◆ **GIVEN DATA**:

%%

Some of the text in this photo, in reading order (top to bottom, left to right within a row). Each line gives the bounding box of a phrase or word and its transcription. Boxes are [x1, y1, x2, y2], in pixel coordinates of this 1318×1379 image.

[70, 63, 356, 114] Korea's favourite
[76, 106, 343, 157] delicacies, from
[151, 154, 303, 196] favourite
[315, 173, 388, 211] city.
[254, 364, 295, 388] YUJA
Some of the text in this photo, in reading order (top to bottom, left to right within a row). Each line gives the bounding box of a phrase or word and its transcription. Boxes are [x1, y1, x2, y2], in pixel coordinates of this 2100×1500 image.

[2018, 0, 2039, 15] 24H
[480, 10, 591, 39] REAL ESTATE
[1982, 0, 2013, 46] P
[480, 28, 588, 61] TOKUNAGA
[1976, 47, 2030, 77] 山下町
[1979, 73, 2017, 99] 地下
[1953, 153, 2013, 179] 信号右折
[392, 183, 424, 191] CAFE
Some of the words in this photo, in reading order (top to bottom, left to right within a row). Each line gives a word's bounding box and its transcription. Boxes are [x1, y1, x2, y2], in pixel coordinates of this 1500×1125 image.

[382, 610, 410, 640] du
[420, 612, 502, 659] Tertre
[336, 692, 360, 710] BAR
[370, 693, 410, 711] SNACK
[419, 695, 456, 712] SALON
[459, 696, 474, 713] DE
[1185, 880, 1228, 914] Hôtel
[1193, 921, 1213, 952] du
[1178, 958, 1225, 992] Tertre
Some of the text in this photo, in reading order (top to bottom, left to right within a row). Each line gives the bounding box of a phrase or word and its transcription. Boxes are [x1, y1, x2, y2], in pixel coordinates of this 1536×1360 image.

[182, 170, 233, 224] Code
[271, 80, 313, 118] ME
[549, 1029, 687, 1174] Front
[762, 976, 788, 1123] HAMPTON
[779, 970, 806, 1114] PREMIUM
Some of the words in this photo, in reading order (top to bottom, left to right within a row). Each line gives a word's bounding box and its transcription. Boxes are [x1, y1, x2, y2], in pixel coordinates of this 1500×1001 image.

%%

◆ **PROBLEM REQUIREMENTS**:
Return exactly the lines from the line holding "this 1536×1360 image." to the last line of the data, with both of those lines included and nothing added.

◆ **SOLUTION FOR THIS TASK**:
Some of the text in this photo, in reading order (top to bottom, left to right within a row). Each line gives the bounding box of a phrase or word and its transcription. Boxes are [x1, y1, x2, y2], in pixel coordinates of this 1536×1360 image.

[182, 170, 233, 224] Code
[271, 80, 313, 118] ME
[549, 1029, 687, 1174] Front
[762, 976, 788, 1123] HAMPTON
[779, 970, 806, 1114] PREMIUM
Some of the words in this photo, in reading order (top to bottom, left to right within a row). Each line gives a word's bounding box and its transcription. Boxes are [x1, y1, x2, y2], in pixel coordinates of this 1500×1001 image.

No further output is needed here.